About six of every 10 property owners would see a tax cut out of these reassessments, Mr. Briem estimated, days before county Executive Rich Fitzgerald said he wasn't going to use them.
Common Pleas Judge R. Stanton Wettick Jr. didn't waste any time responding with an order that says, in effect, that government by tantrum won't do. The city and school district must base their property tax rates and bills on the new 2012 values, though the judge will consider the school system's request to use the old assessments for one more year.
The idea that Mr. Fitzgerald just snatched a tax break from thousands of homeowners is so far off the prevailing talk show story line that most people don't even want to hear it. But Mr. Briem, a University of Pittsburgh economist, has no horse in this race. The increased assessment on his Bloomfield home was almost smack dab on the citywide average residential uptick of 46 percent.

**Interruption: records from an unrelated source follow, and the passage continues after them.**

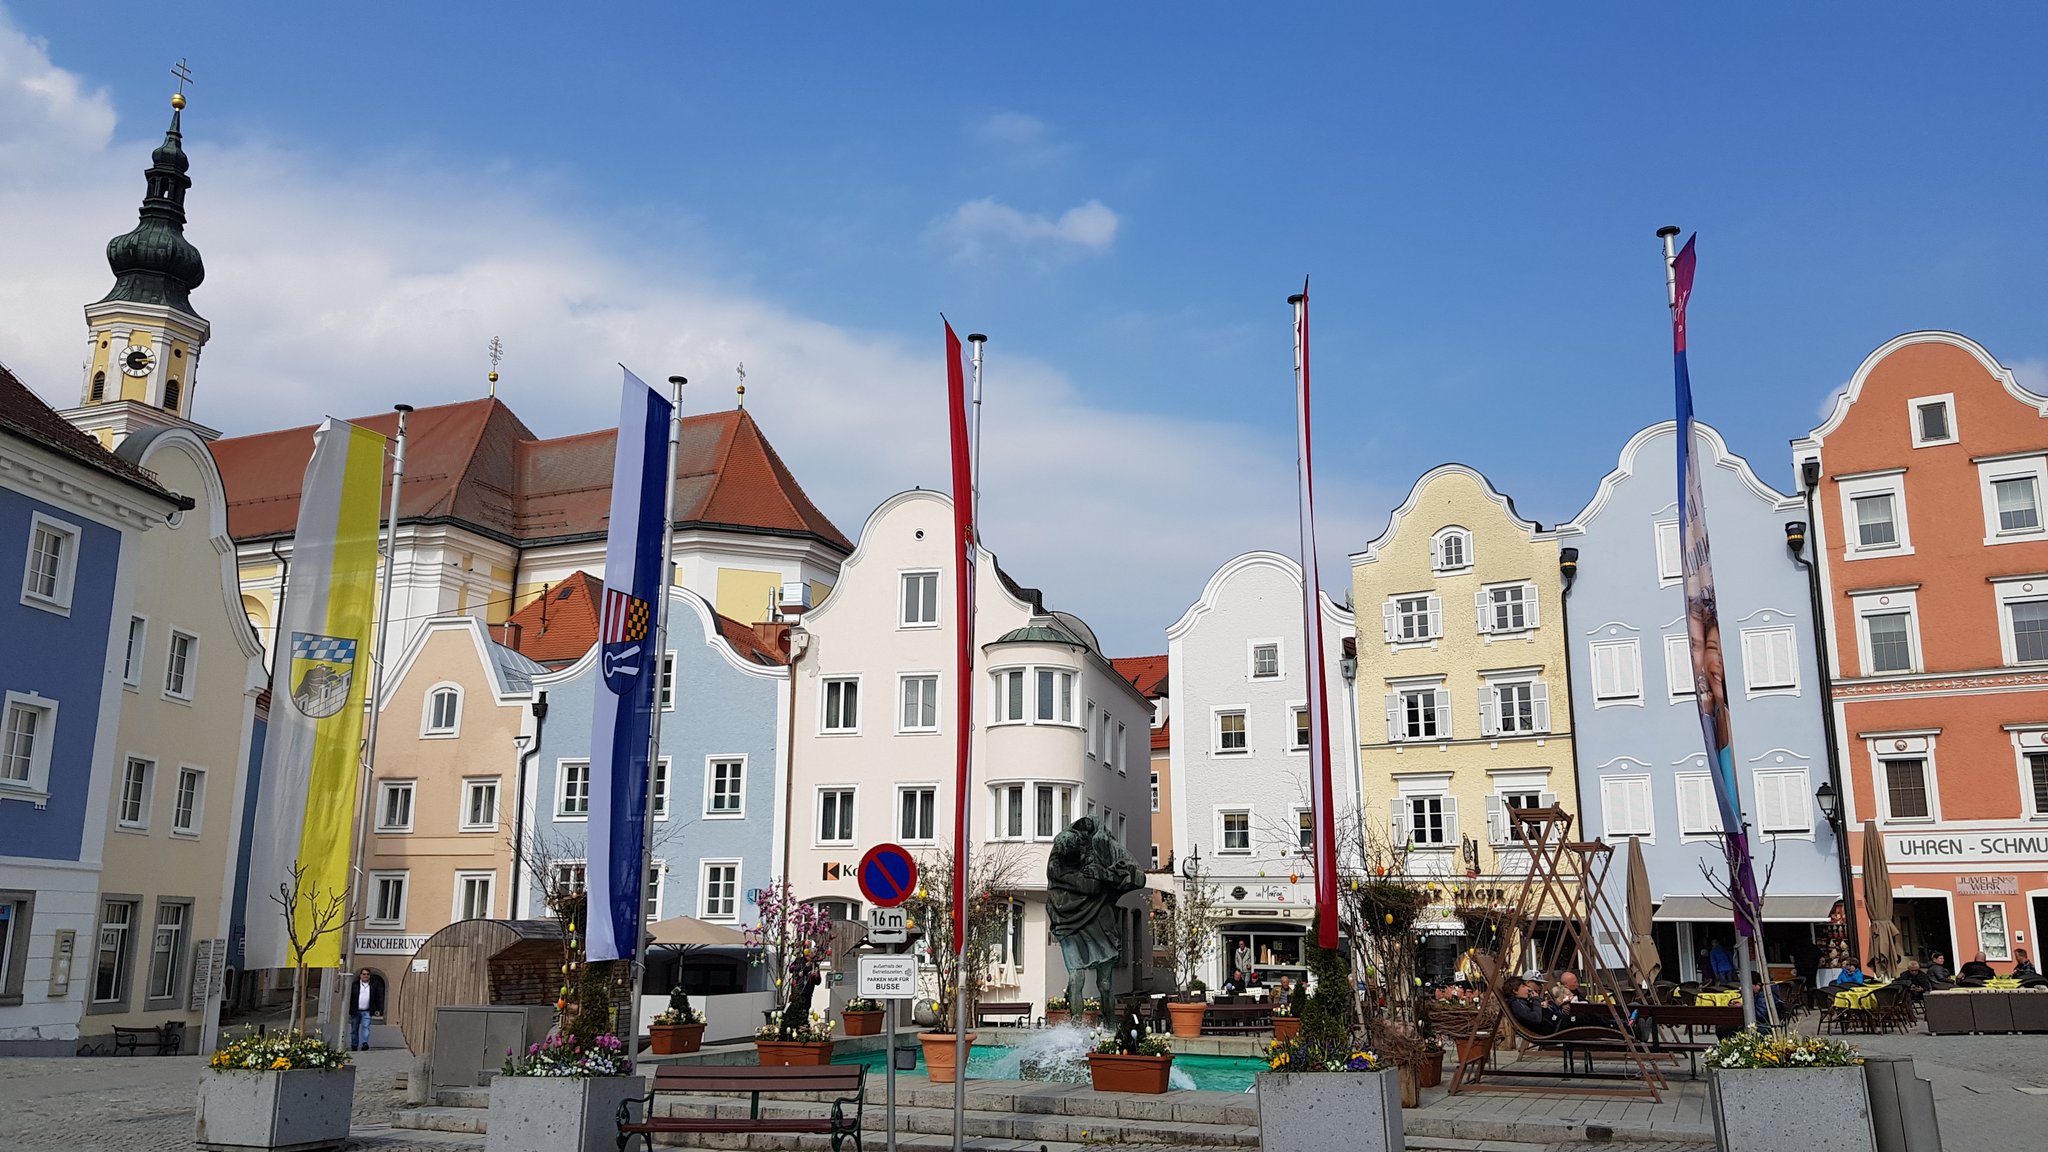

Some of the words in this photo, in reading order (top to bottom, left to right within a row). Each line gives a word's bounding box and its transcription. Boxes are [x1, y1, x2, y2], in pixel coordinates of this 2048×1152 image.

[1900, 839, 1963, 856] UHREN
[1980, 837, 2048, 854] SCHMU
[1970, 883, 2001, 891] WERK
[871, 910, 885, 927] 16
[888, 914, 903, 928] m
[355, 937, 428, 950] VERSICHERUNG
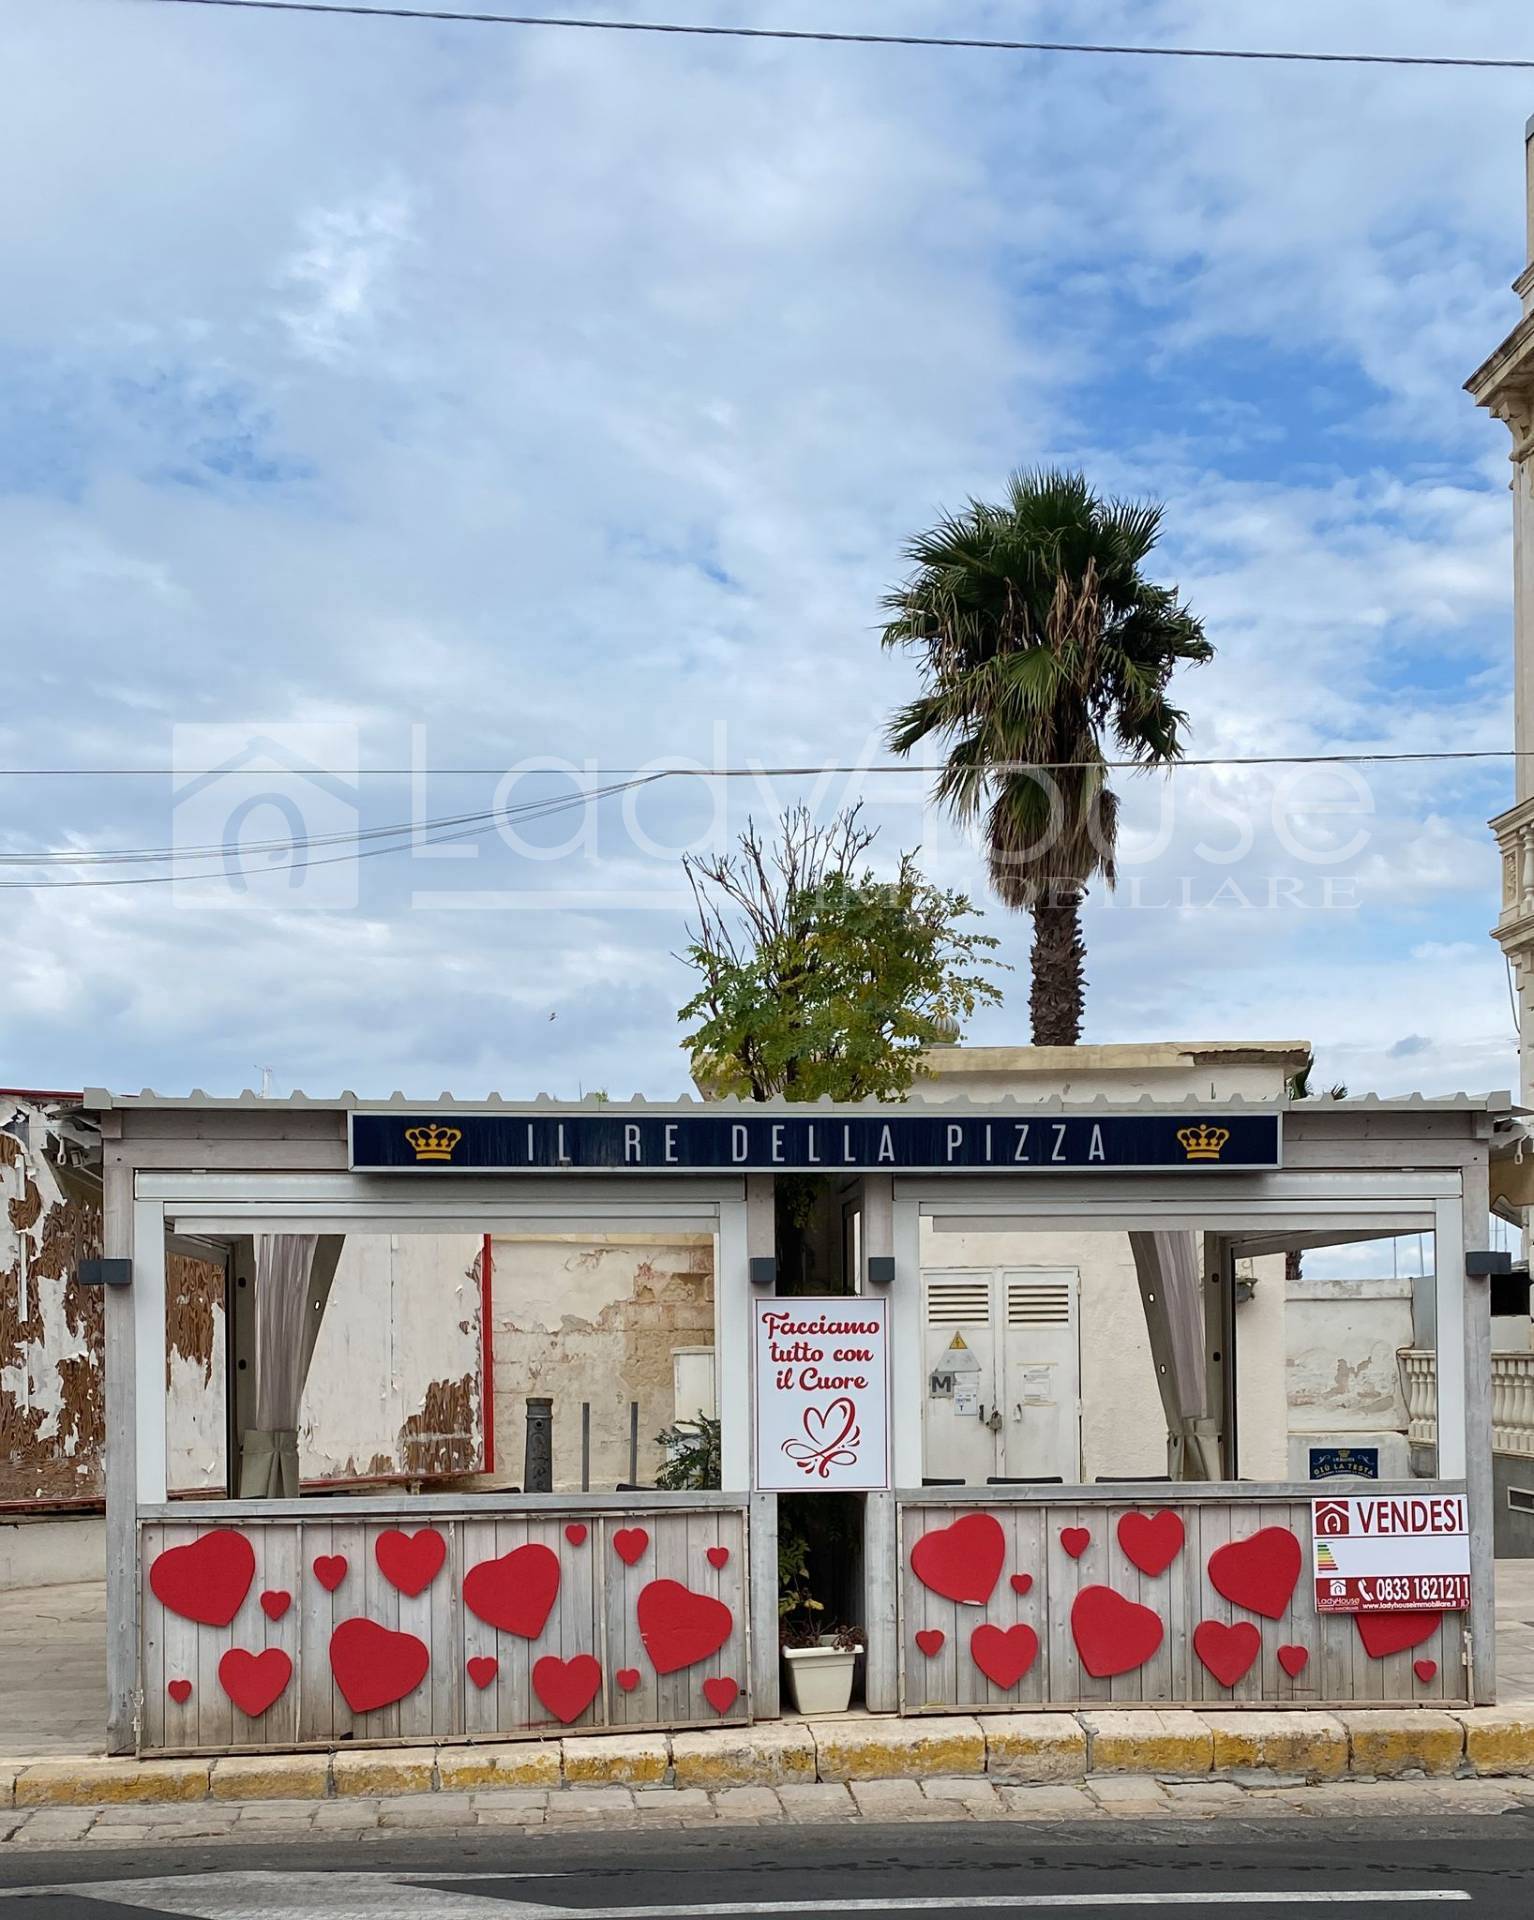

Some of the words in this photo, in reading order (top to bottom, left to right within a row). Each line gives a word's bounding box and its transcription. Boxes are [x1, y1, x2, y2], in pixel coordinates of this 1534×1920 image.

[525, 1124, 573, 1163] IL
[626, 1124, 681, 1163] RE
[732, 1124, 896, 1162] DELLA
[947, 1124, 1107, 1162] PIZZA
[762, 1312, 880, 1339] Facciamo
[769, 1341, 824, 1362] tutto
[833, 1348, 874, 1362] con
[776, 1367, 795, 1390] il
[799, 1367, 868, 1391] Cuore
[931, 1375, 952, 1393] M
[1347, 1463, 1374, 1476] TESTA
[1357, 1500, 1463, 1532] VENDESI
[1376, 1578, 1410, 1601] 0833
[1414, 1576, 1470, 1600] 1821211
[1362, 1600, 1457, 1610] www.ladyhouseimmobiliare.it

So if the city, school district and county then readjusted property tax rates downward -- as they are required to do under Pennsylvania's anti-windfall law -- Mr. Briem likely would come out about even.
It's all the property owners whose assessments went up only 10 to 40 percent who have been rooked. They, and those whose assessments went down or stayed still, won't get the break that would have come from a slashing of property tax rates.
Those rates not only aren't moving, they're going up. Last month, Mr. Fitzgerald backed a county council plan to tack another mill on the county property tax rate. That will work out to an additional $100 owed annually on a $100,000 house, but that's been largely forgotten in what may be the biggest snafu in county government since, well, the last reassessment.
Our property tax system has been a carnival game stuck on "tilt'' for almost a decade now. There's no uniformity in the base assessments the county has been using since 2002. That was proven in court by the property owners who have been shafted by the current numbers.
Judge Wettick is now widely reviled because the reassessments that resulted in the city and Mount Oliver from his order -- the first ones under the microscope -- were so badly botched by the county. It's paying an outside consultant $11 million to help collect and analyze reassessment information, which is an awful lot of money for what looks like a dog's breakfast.
Mr. Fitzgerald told KDKA radio Friday that's the nature of the assessment beast: "No matter who we hire, it's going to be disastrous.''
He has a point. It does seem now, as it did in 2002, that too much of the burden for getting the numbers right falls on property owners. Of course, when you do a reassessment only every decade or so, the new numbers are going to be scary even if they're right.
Mr. Fitzgerald also has a point when he says it's unfair that Allegheny County alone is required to make regular assessments. He argues that these reassessments drive homeowners to surrounding counties, but don't be so sure. The evidence suggests that the current system discriminates against new buyers; the longer you've owned your home in Allegheny County, the more likely you'll have an assessment below your neighbor's. That's hardly a welcome mat.
Nobody should hold their breath waiting for America's Largest Full-Time State Legislature to fix this with some kind of statewide assessment plan, so the county has to fix this mess. Delaying implementation for a year seems like a good idea. People want certainty and simplicity in their tax system, and there's no way to get there quickly.
We need -- dare I say it? -- more numbers. So far, the only ones most of us have seen are shooting upward. (The county, in an Orwellian move, removed these new assessment numbers from its website last week, but they're still sitting somewhere.)
Speaking for all those who hate math as much as taxes, we'd like local governments to get busy finding the answer to a question every property owner has: After you're done reassessing and cutting property tax rates, will my bill go up or down?
Until more people get that answer, some of us might be rooting for the wrong team.